→ **AIM OF THE TASK**: Give back exactly the line that contains "this 1250×1875 image." and all the lines after it in the records below, to the very last, with no other output.
-------------------------
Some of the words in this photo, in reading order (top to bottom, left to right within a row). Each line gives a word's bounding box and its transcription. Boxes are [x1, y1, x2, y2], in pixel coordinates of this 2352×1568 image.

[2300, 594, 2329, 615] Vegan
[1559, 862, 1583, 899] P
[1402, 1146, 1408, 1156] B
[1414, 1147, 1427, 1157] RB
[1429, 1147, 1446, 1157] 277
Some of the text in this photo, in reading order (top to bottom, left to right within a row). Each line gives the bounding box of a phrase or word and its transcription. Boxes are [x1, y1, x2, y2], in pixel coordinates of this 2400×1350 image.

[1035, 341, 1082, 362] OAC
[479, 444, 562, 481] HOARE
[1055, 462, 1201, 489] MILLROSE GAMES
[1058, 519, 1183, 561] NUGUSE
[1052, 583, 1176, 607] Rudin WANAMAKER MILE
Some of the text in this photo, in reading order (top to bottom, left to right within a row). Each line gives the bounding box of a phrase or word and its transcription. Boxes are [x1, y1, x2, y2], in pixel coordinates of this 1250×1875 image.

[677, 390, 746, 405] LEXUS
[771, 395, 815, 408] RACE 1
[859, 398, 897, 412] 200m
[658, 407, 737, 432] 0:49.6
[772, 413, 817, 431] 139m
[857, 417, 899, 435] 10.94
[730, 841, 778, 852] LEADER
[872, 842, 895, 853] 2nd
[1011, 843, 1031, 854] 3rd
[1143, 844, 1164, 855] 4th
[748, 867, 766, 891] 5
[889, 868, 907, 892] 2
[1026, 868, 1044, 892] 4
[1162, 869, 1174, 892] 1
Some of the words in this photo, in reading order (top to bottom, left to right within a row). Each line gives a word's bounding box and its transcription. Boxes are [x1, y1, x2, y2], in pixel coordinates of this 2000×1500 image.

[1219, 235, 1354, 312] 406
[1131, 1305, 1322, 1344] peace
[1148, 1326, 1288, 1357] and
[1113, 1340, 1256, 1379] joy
-------------------------
→ **RESPONSE TO THE EXERCISE**:
Some of the text in this photo, in reading order (top to bottom, left to right within a row). Each line gives the bounding box of a phrase or word and its transcription. Boxes are [x1, y1, x2, y2], in pixel coordinates of this 1250×1875 image.

[677, 390, 746, 405] LEXUS
[771, 395, 815, 408] RACE 1
[859, 398, 897, 412] 200m
[658, 407, 737, 432] 0:49.6
[772, 413, 817, 431] 139m
[857, 417, 899, 435] 10.94
[730, 841, 778, 852] LEADER
[872, 842, 895, 853] 2nd
[1011, 843, 1031, 854] 3rd
[1143, 844, 1164, 855] 4th
[748, 867, 766, 891] 5
[889, 868, 907, 892] 2
[1026, 868, 1044, 892] 4
[1162, 869, 1174, 892] 1
Some of the words in this photo, in reading order (top to bottom, left to right within a row). Each line gives a word's bounding box and its transcription. Boxes are [x1, y1, x2, y2], in pixel coordinates of this 2000×1500 image.

[1219, 235, 1354, 312] 406
[1131, 1305, 1322, 1344] peace
[1148, 1326, 1288, 1357] and
[1113, 1340, 1256, 1379] joy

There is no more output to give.